In a survey of the Kaiser Family Foundation published in May, 18% of parents of children under 5 said they planned to have their child vaccinated “right away”, while 38% said they would “wait until see”. However, 27% of survey respondents said they would ‘definitely not’ have their young child vaccinated, and 11% said they would ‘only if necessary’.
According to the report, “the lack of available information may be a factor in parents’ reluctance to vaccinate their youngest children right away. A majority of parents of children under 5 say they do not have enough information about the safety and effectiveness of COVID-19 vaccines for children in this age group.
The vaccination campaign for another cohort of children – those aged 5 to 11 – lags behind other groups. Just over a third of Californians in this age group are fully vaccinated, compared to 67% of 12-17 year olds and 78% of 18-49 year olds. according to data compiled by The Times.

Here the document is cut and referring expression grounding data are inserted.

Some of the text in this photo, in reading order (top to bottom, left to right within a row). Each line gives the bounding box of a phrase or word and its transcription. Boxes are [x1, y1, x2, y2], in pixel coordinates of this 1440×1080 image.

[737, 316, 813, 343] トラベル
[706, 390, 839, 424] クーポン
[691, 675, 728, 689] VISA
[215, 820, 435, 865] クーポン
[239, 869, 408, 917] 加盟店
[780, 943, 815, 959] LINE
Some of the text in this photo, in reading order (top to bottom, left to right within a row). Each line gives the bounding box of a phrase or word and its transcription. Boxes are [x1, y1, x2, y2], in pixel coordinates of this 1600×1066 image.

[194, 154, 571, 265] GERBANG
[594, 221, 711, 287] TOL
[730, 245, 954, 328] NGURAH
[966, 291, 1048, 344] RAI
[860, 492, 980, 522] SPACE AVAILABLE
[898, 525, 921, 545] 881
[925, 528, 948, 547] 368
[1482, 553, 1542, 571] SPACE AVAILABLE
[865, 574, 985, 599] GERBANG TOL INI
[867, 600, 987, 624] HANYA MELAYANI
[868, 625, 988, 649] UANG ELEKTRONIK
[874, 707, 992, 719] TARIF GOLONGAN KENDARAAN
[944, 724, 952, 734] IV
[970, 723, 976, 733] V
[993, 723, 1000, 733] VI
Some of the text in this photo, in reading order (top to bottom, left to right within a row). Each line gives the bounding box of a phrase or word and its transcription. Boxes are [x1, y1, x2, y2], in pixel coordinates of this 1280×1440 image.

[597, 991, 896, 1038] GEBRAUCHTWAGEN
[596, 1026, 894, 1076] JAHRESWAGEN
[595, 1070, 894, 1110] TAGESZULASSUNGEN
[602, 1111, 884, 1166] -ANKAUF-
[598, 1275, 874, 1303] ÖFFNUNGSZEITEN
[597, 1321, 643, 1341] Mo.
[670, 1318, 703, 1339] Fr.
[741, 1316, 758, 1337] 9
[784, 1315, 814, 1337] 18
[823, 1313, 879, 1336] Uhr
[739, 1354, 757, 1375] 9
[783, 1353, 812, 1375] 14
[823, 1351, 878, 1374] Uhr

Although health officials acknowledge that COVID-19 has generally not hit young people as hard as other age groups, they stress that children are not immune to serious health effects and that vaccines offer valuable protection.
“It’s true that children don’t get as sick as adults, but for children under 5, COVID is still the fifth leading cause of death,” Pannaraj said. “We also know that people who are vaccinated are 10 times less likely to die from COVID than those who aren’t, so it’s very important that we are able to protect young people.”
This remains the case even in the current environment – in which the combination of widespread vaccine coverage, the availability of tests and therapies, and the proliferation of the Omicron variant and its viral progeny have resulted in a surge that, until present, saw many cases but fewer hospitalizations than previous outbreaks of the pandemic.
“For young people, again, they need to realize that while Omicron might not be as severe for everyone overall, it’s definitely a lot more transmissible now, and if they get too low their custody, they’re going to get it. . And for some, it can still be a serious illness,” said UCLA epidemiologist Dr. Robert Kim-Farley.
In a joint statement, Director of the Ghaly and California Department of Public Health and State Public Health Officer Dr. Tomás Aragón noted that “COVID-19 hospitalizations for children under the age of 4 years were five times higher during the Omicron surge than during Delta, and 1 in 5 children hospitalized with COVID-19 were also admitted to intensive care.
“Studies have shown that getting our children vaccinated is the surest way to protect them from the worst consequences of COVID-19, including hospitalization, long COVIDmultisystem inflammatory syndrome in children and death,” the statement read. “Getting everyone in our homes and communities vaccinated reduces the chances of the virus spreading to those we love most.”
For some, injections offer more than protection: they provide peace of mind.
“I think we will feel very comfortable doing indoor activities now,” Acain said. “We’ve gone back to most other things, but we don’t dine in restaurants, in general, and avoid anything crowded and indoors.
“We are comfortable now that if someone gets sick we will be able to manage it,” she added.